Invisible Airports
Hong Kong is a city of contradictions, and its airport is likewise an airport of contradictions. No fence surrounds it; no tarmacadam airstrips mark it; no customs agents guard it. For Hong Kong’s airport is a conceptual one. Anywhere in the city might be part of the airport, may house a slice of the dream.
A deconsecrated chapel in a disused children’s hospital is its administrative office, nine times repeated at angles. Space is at a premium on the island; fifteen years ago the city council declared the only solution to their housing crisis to be colonization of the twenty-seven unused spatial dimensions (the existence of which was recently proven by a cabal of string theorists associated with the Georgia Institute of Technology and refuted by a likeminded associated of idealists from the academic towers of Poland, Karol Kalaivanan and his ilk). The subdivision and rezoning of the twenty-seven unused spatial dimensions proved a near-insurmountable task, but as the Hong Kong Zoning Comission’s Board of Trustees swelled to eighty-one thousand members, consensus blossomed like lilies on the water. Now the airport knows no bounds of geography, and it respires the city as a living man respires oxygen.
A single pair of landing strips serve the airport, replicated nine times apiece. Built of satin and corduroy, they stretch above the bay in seeming defiance of physics and good sense; like the bumblebee they should not stay aloft, nor support the weight of the massive metal birds who ride them. An association of mathematicians on sabbatical from the People’s University of Mongolian Science and Art (PUMSA) are two years into a five-year study of the phenomenon; they publish regularly in Annual Proceedings of the Molecular Study Society of Mongolia and its sister journal Ballai Transactions: Rapid Communications in Molecular Study.

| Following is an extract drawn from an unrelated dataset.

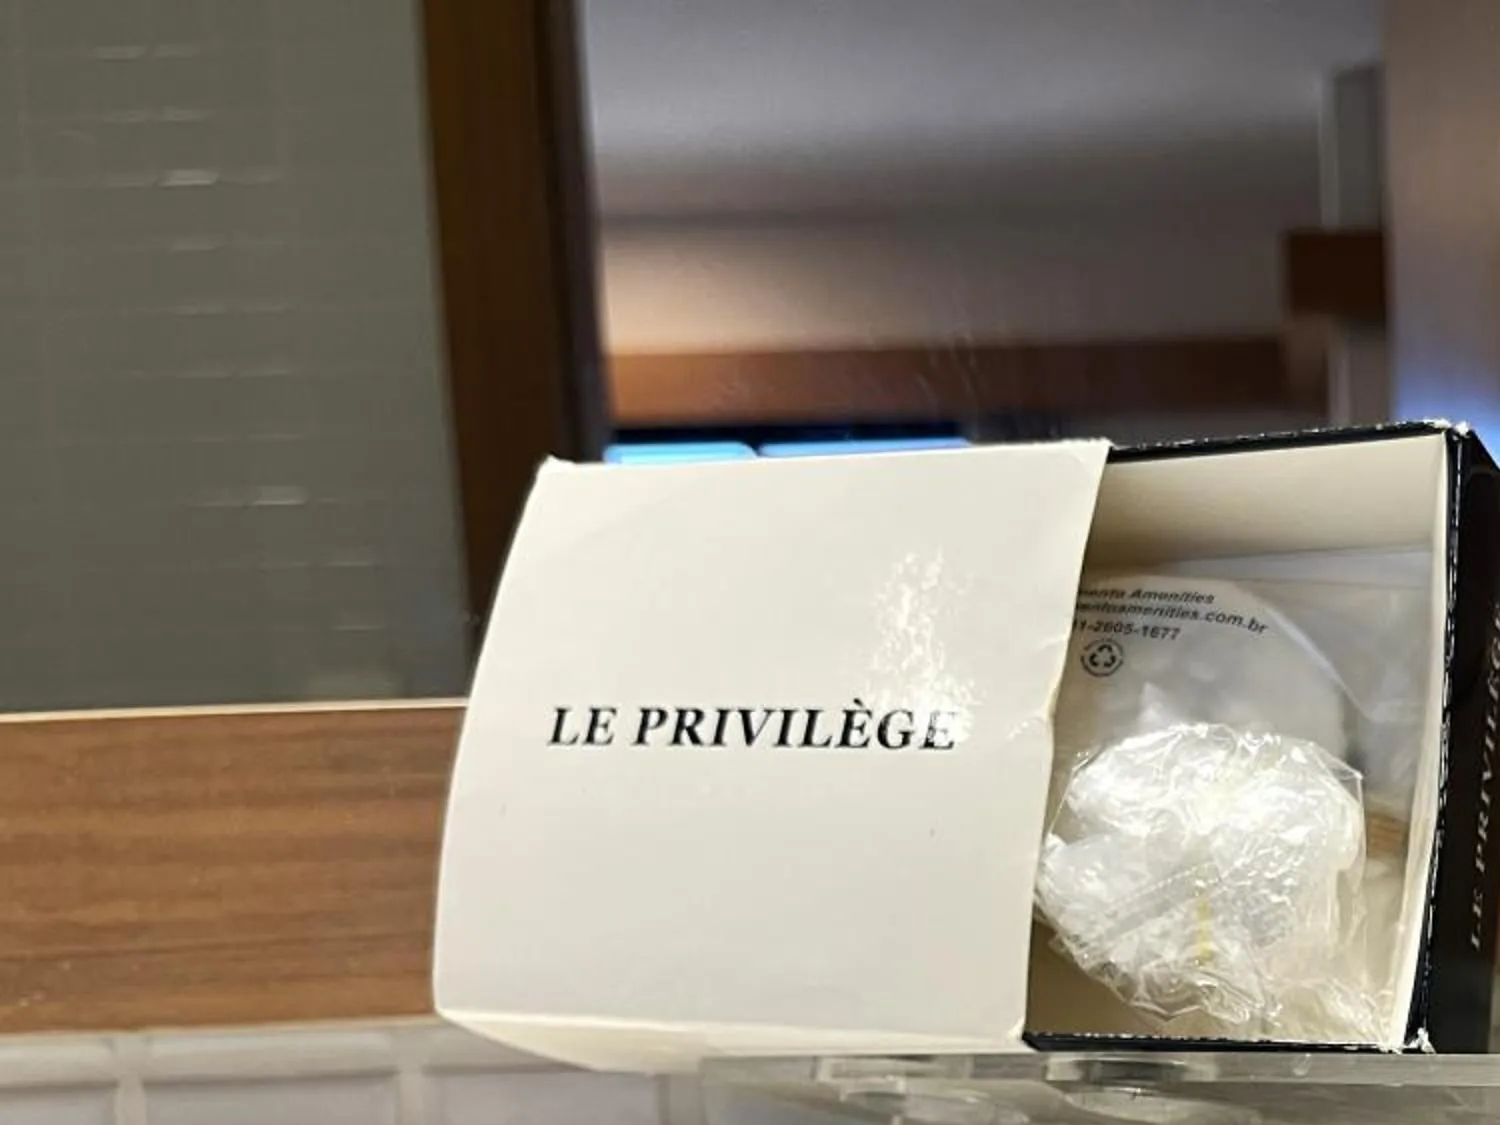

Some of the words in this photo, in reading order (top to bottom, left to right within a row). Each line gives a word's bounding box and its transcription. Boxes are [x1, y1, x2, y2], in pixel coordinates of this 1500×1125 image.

[1130, 587, 1216, 605] Amenities
[547, 706, 617, 747] LE
[631, 697, 959, 750] PRIVILÈGE

From the landing strip the weary traveler will soon find himself within a luxurious hotel, conveniently located within the international terminal. Indeed, the incautious businessman may find his hotel inescapable; the great concierge and magus Jonathan Frakes (well-remembered for storied acting career) obtained his current commission only after humbly admitting his inability to flee the grand Hotel Jete du Beaumarche. The luckier visitor soon masters the trick of moving from one chamber of the airport to another, dispersed as it is throughout the otherwise-unused spaces of Hong Kong: an alley behind a nightclub might connect the Customs office (located on the roof of the International Library of Grains) to the international terminal’s finest freak show (on fine days, between the ninth and tenth holes of the Three Palms Country Club; in inclement weather, the grand ballroom of the Soviet Embassy). A visitor need not worry about straying off the beaten path; escaping the dispersed confines of the Hong Kong Airport is impossible. A trinity of ethnobotanists from the American University of Zaire (nee People’s International College of Angola) are currently carrying out a series of experiments to test this theory; your cooperation is appreciated and please don the provided eyewear and other safety gear in the designated areas.